For instance, nowhere in the propaganda of our childhood does it say the President of the United States is a puppet manipulated by corporate overlords. Indeed, according to the propaganda of our childhood there are no such things as corporate overlords. According to the textbooks and teachings of my childhood, the President of the United States and the senators and representatives in Congress and the governors of the states are men (and a few women) who love the poor and downtrodden and are dedicated to helping them. Our rulers are special people, war heroes and people from humble beginnings who pulled themselves up by their bootstraps and want to help other people do the same.

But what was impressed on us even more persistently and deeply than the special goodness of our leaders was the unimpeachable truth that these special people cannot lie. The president tried to lie when he was a child (all the presidents tried at one time or another in their childhoods to lie) but he felt so bad about lying that he confessed his lie to his father or mother or grandfather or teacher, and rather than (or along with) spanking him, they showered him with love for admitting his mistake; and their love empowered him to overcome a thousand hardships and to marry a lovely, intelligent, essentially submissive woman who was his rock from which he rose to the position of commander-in-chief. Amen.
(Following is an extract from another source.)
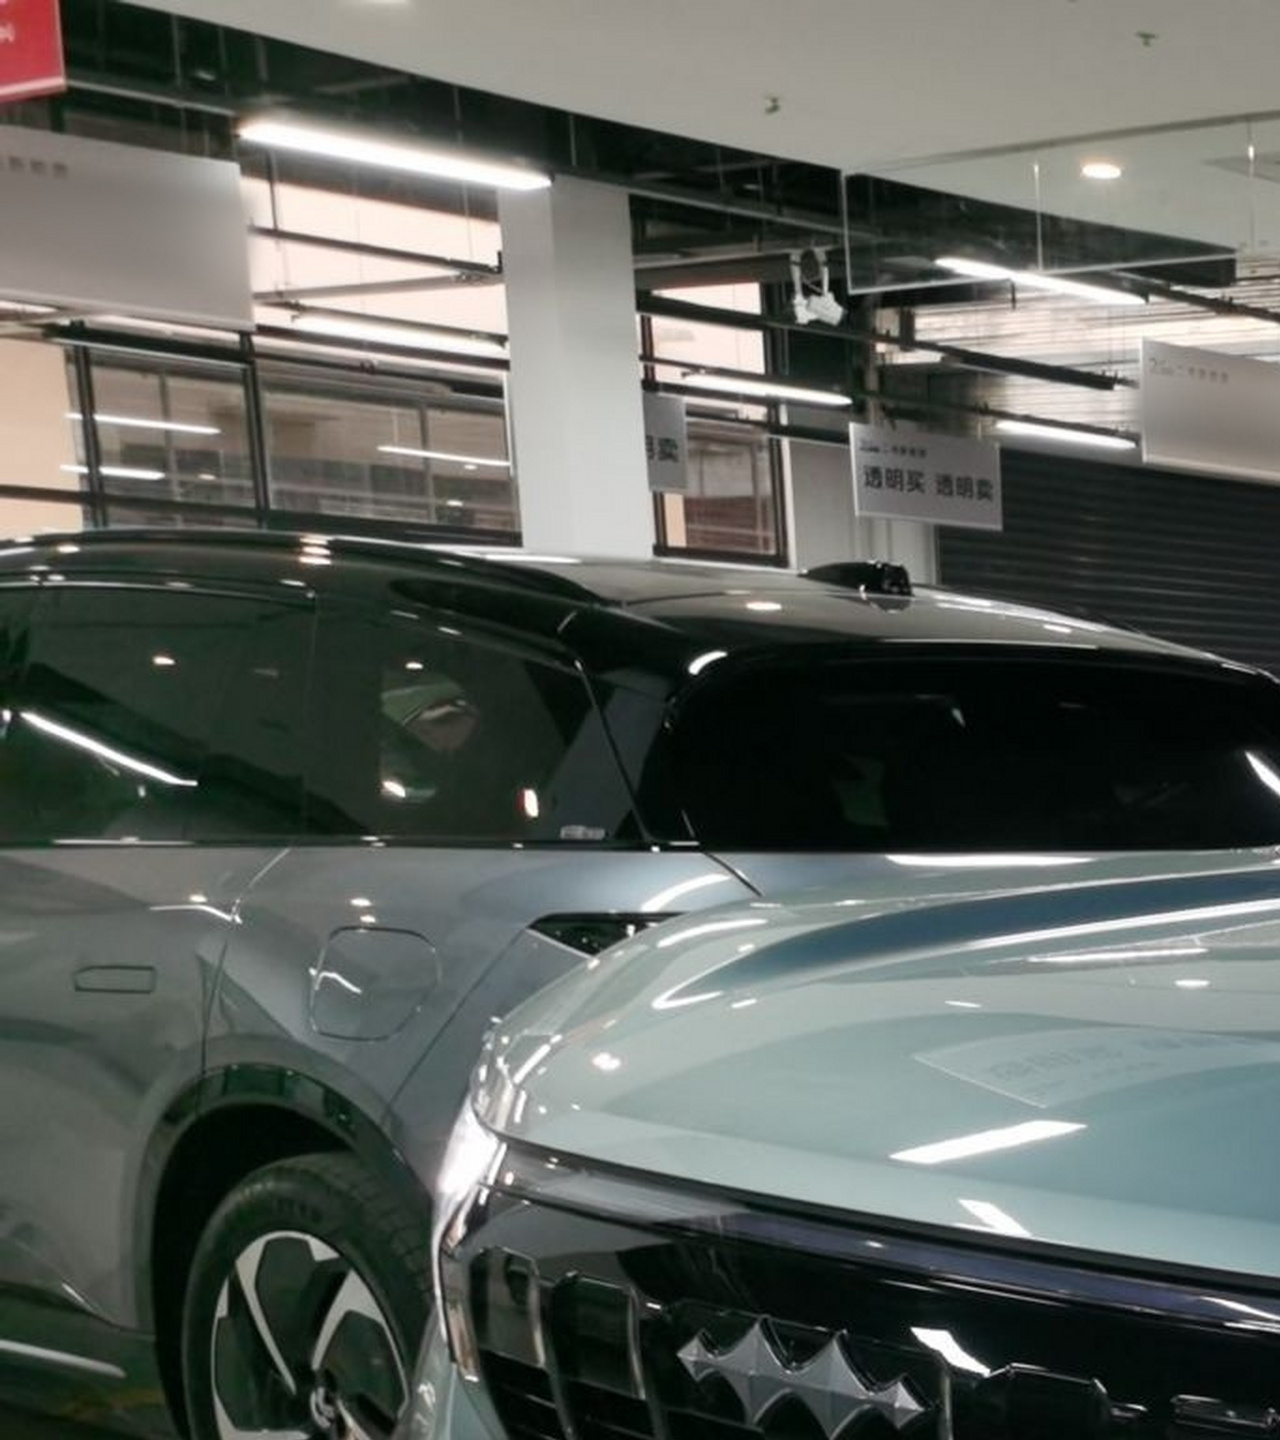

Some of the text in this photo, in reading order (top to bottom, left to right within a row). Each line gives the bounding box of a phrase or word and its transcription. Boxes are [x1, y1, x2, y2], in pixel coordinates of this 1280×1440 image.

“Childhood is a promise that is never kept.” Ken Hill

In the California public schools of my youth, circa 1955-1967, American History was the main Social Studies event in Kindergarten, First Grade, Second Grade, Third Grade, Fifth Grade, Eighth Grade, and Eleventh Grade. The fundamental operating principle of that system was: The Salient Information shall be foisted on their malleable brains over and over again, year after year, and they will be compelled to memorize and regurgitate this information dozens of times as their brains develop so that whether they can remember a single date or historical tidbit at the end of their indoctrination, the underlying ideology of subservience to an imaginary system run by good and wise white people is deeply and permanently ingrained.

This is not conspiracy theory. Public education as it exists in America today was designed and implemented in the early twentieth century by industrialists working directly with their national, state, and local proxies to transform a largely agrarian population of people recently arrived from myriad foreign societies into a homogeneous population of factory workers. That is actual history, not propaganda. If you have ever wondered why public school classes are exactly one hour in duration and begin and end with the ringing of a bell, it is to simulate the experience of working in a factory, and to condition the nervous systems of the students for that eventuality.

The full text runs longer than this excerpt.